What the exercise asks: Set the listing down unchanged, minus every embedded image.

Input records:
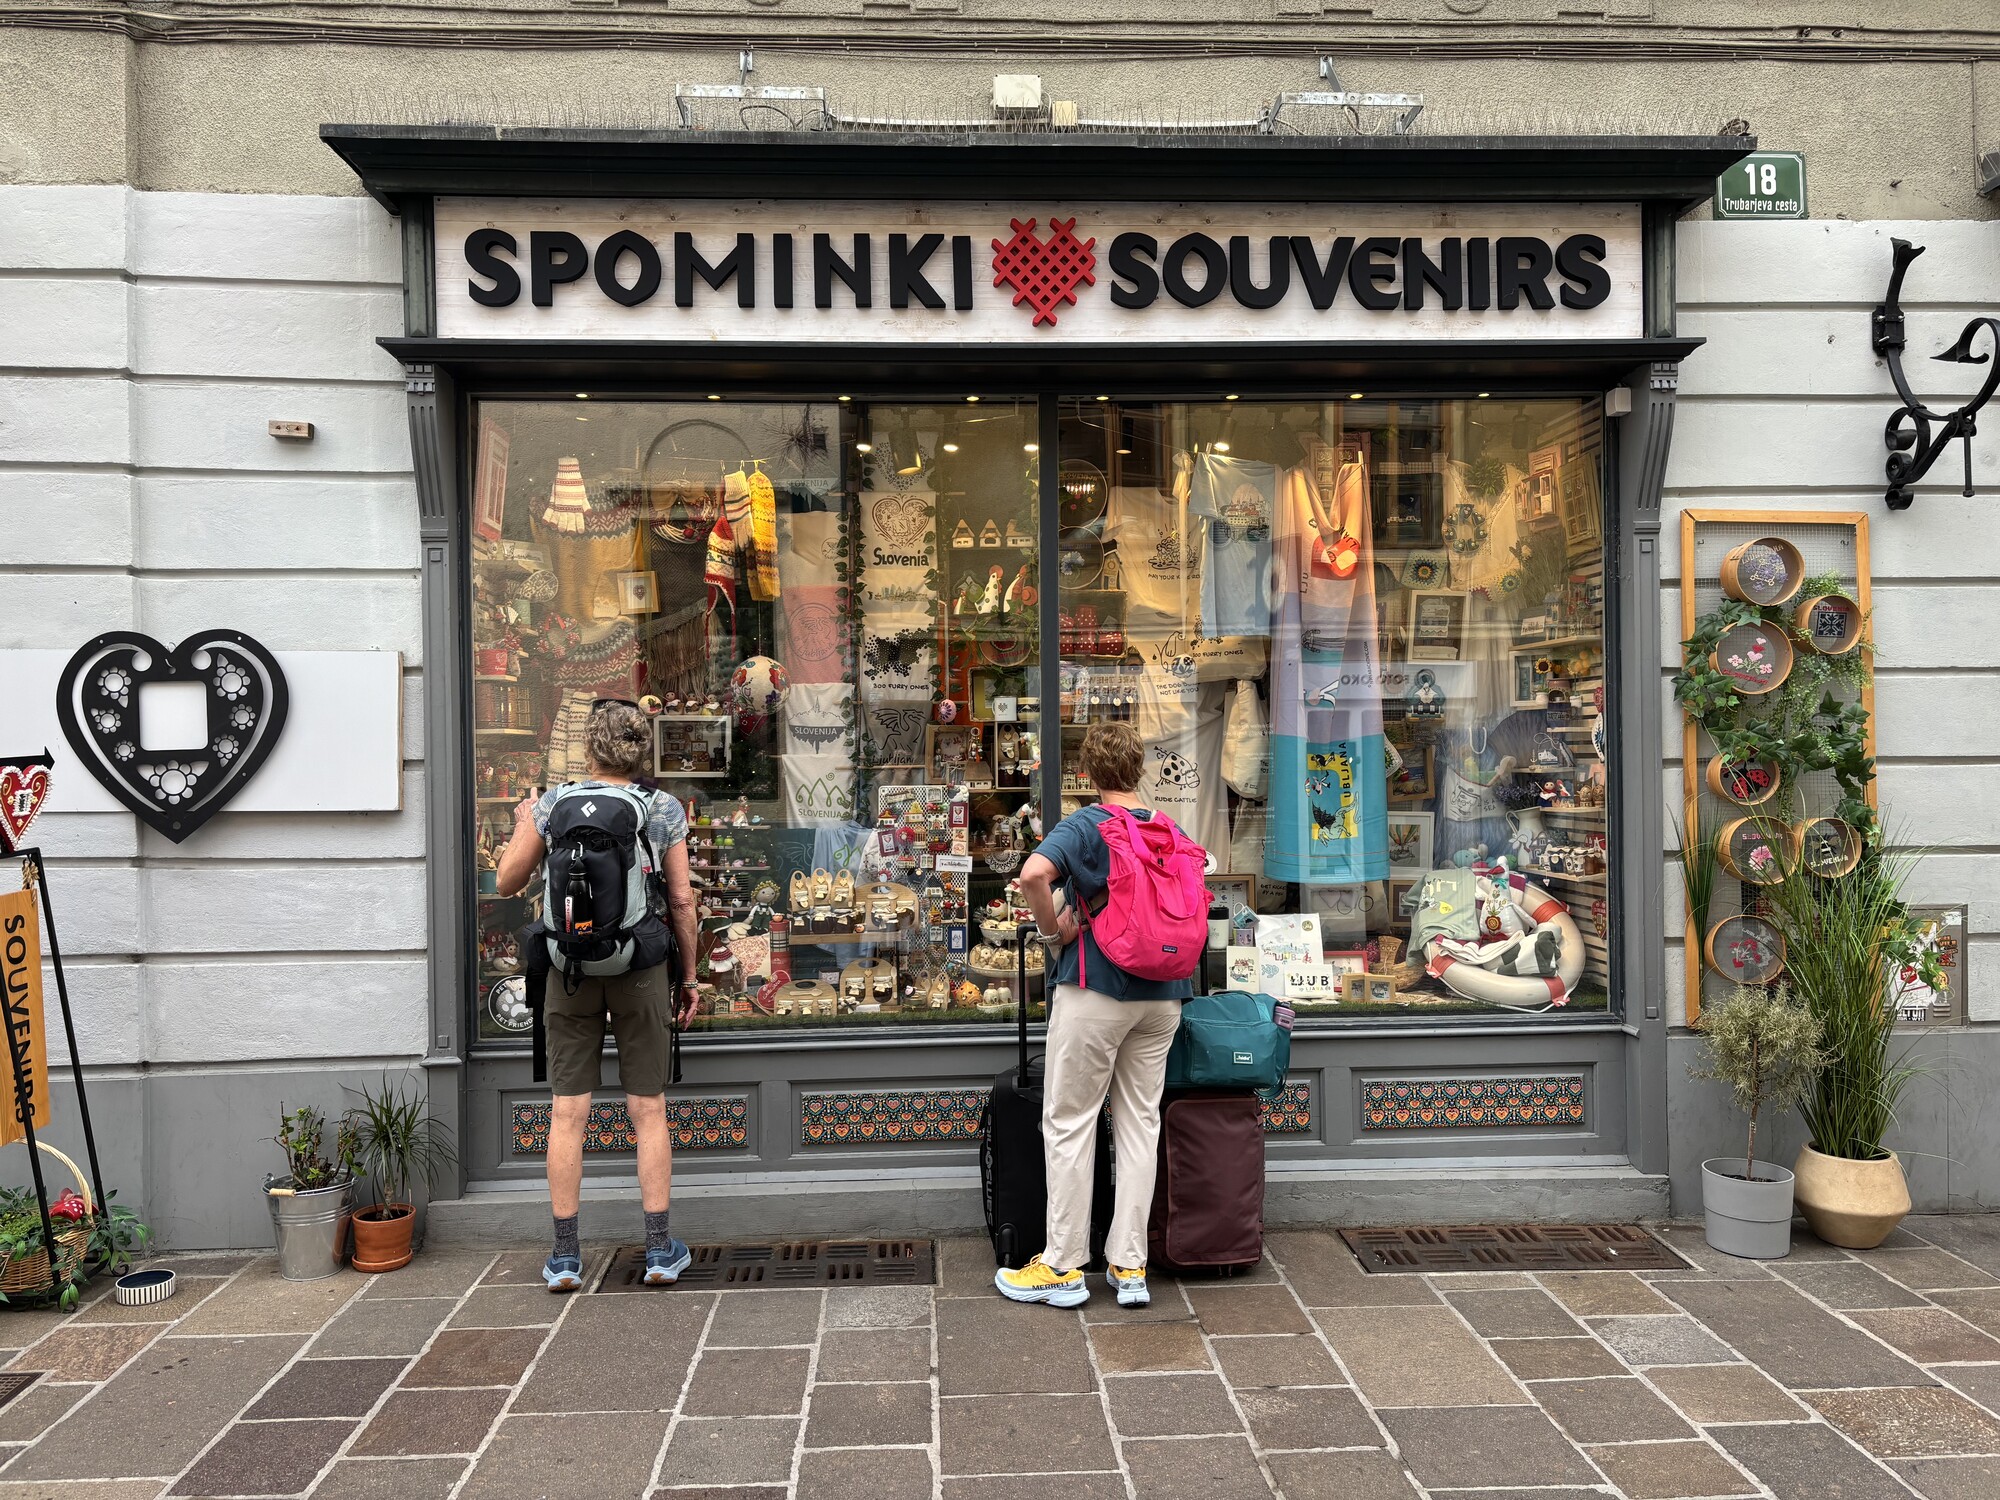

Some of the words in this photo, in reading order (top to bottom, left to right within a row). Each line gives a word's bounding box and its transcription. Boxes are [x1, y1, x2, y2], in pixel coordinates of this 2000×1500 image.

[1744, 163, 1777, 195] 18
[1724, 197, 1773, 213] Trubarjeva
[1775, 198, 1798, 212] cesta
[464, 228, 974, 310] SPOMINKI
[1109, 232, 1611, 311] SOUVENIRS
[794, 726, 838, 736] SLOVENIJA
[872, 754, 915, 766] Ljubljan
[798, 808, 842, 819] SLOVENIJA
[496, 983, 507, 995] PET
[496, 1013, 507, 1025] PET
[1032, 1280, 1071, 1291] MERRELL
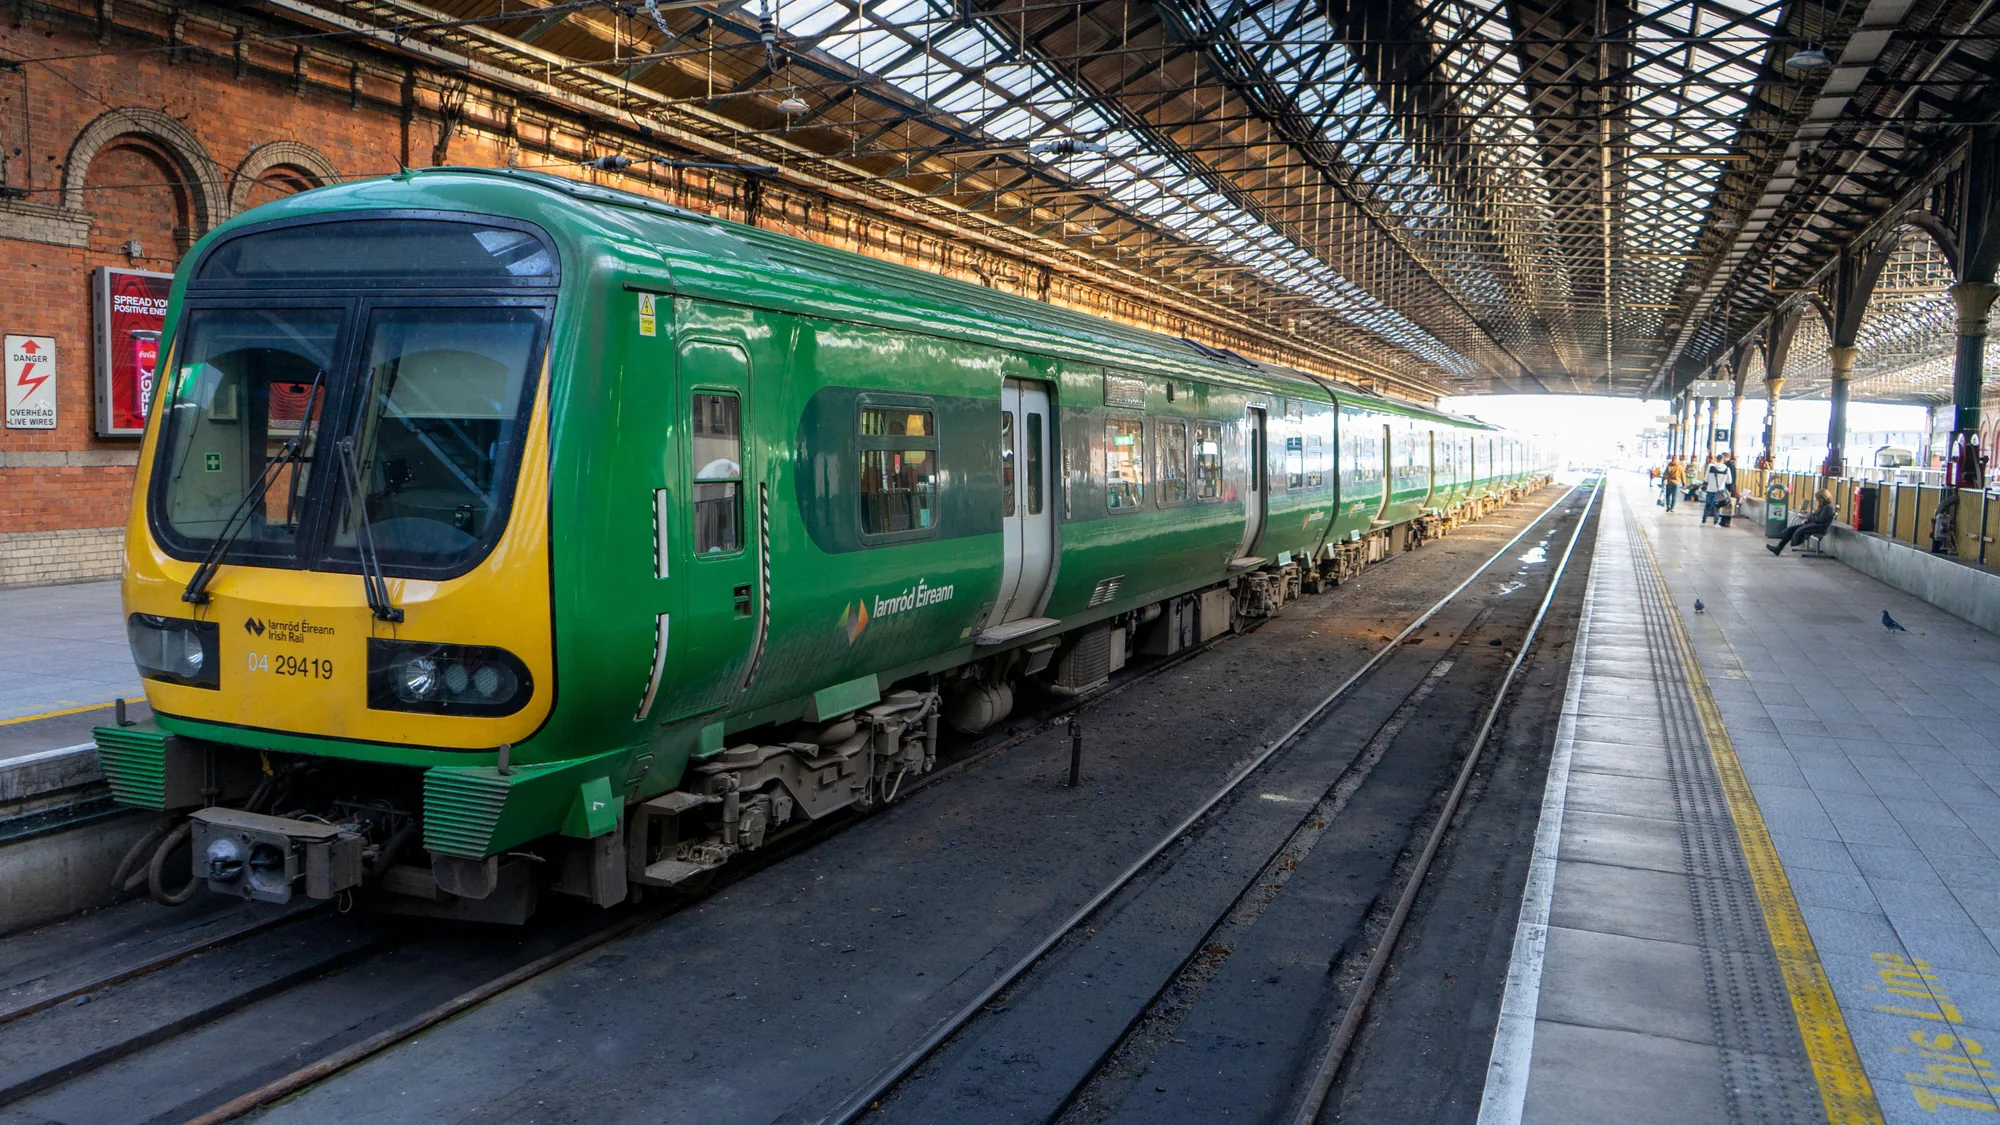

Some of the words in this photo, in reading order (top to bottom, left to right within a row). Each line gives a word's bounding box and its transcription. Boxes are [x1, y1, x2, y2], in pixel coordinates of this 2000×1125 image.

[114, 295, 152, 307] SPREAD
[114, 305, 149, 315] POSITIVE
[13, 354, 48, 363] DANGER
[9, 408, 53, 417] OVERHEAD
[9, 418, 27, 426] LIVE
[29, 418, 54, 426] WIRES
[1718, 431, 1725, 439] 3
[873, 586, 916, 619] Iarnród
[915, 577, 954, 608] Éireann
[268, 619, 300, 632] Iarnród
[301, 619, 335, 635] Éireann
[268, 630, 287, 642] Irish
[288, 632, 304, 643] Rail
[248, 652, 268, 673] 04
[275, 654, 333, 680] 29419
[1864, 952, 1963, 1024] Line
[1892, 1030, 2000, 1112] This
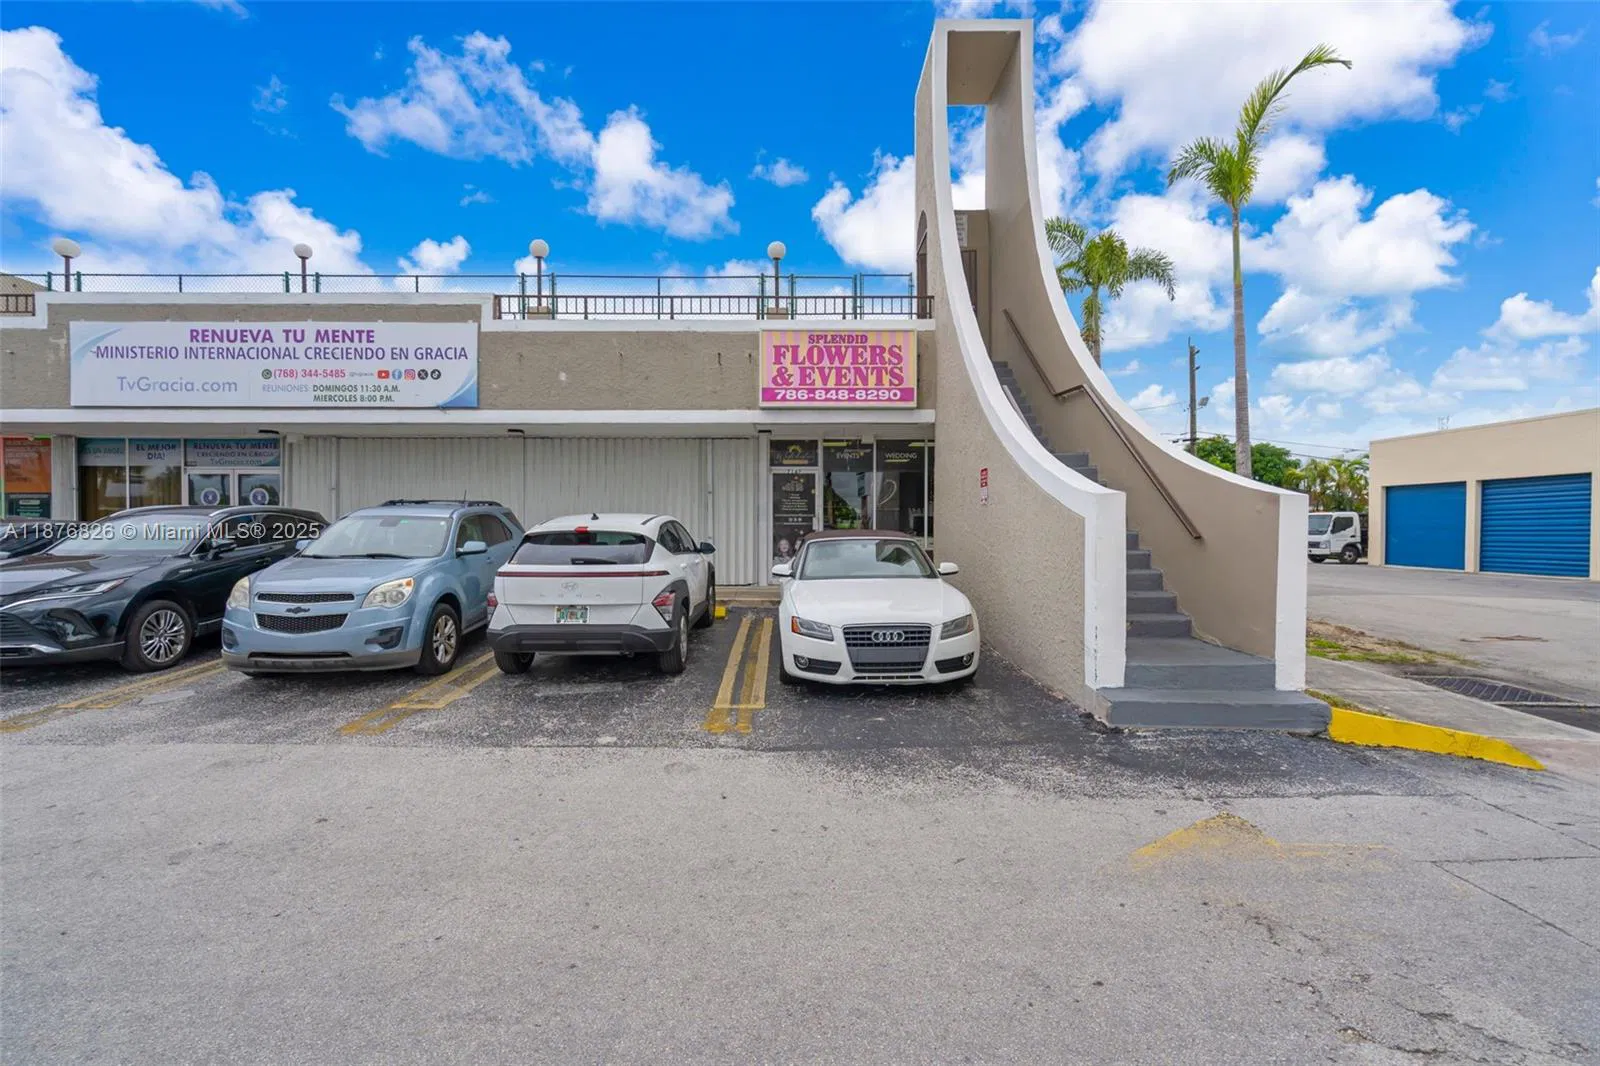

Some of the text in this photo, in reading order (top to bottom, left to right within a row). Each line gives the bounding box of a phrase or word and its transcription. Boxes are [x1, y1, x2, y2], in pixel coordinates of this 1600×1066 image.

Your solution:
Some of the words in this photo, in reading order (top to bottom, left to right within a row). Each line gives a word's bounding box and its transcription. Boxes are [x1, y1, x2, y2], in pixel coordinates of this 2000×1500 image.

[1744, 163, 1777, 195] 18
[1724, 197, 1773, 213] Trubarjeva
[1775, 198, 1798, 212] cesta
[464, 228, 974, 310] SPOMINKI
[1109, 232, 1611, 311] SOUVENIRS
[794, 726, 838, 736] SLOVENIJA
[872, 754, 915, 766] Ljubljan
[798, 808, 842, 819] SLOVENIJA
[496, 983, 507, 995] PET
[496, 1013, 507, 1025] PET
[1032, 1280, 1071, 1291] MERRELL

Some of the words in this photo, in reading order (top to bottom, left to right within a row). Each line gives a word's bounding box and its transcription. Boxes are [x1, y1, x2, y2], in pixel coordinates of this 2000×1125 image.

[114, 295, 152, 307] SPREAD
[114, 305, 149, 315] POSITIVE
[13, 354, 48, 363] DANGER
[9, 408, 53, 417] OVERHEAD
[9, 418, 27, 426] LIVE
[29, 418, 54, 426] WIRES
[1718, 431, 1725, 439] 3
[873, 586, 916, 619] Iarnród
[915, 577, 954, 608] Éireann
[268, 619, 300, 632] Iarnród
[301, 619, 335, 635] Éireann
[268, 630, 287, 642] Irish
[288, 632, 304, 643] Rail
[248, 652, 268, 673] 04
[275, 654, 333, 680] 29419
[1864, 952, 1963, 1024] Line
[1892, 1030, 2000, 1112] This

Some of the text in this photo, in reading order (top to bottom, left to right within a row). Each line gives the bounding box of a phrase or word and its transcription. Boxes are [x1, y1, x2, y2], in pixel coordinates of this 1600×1066 image.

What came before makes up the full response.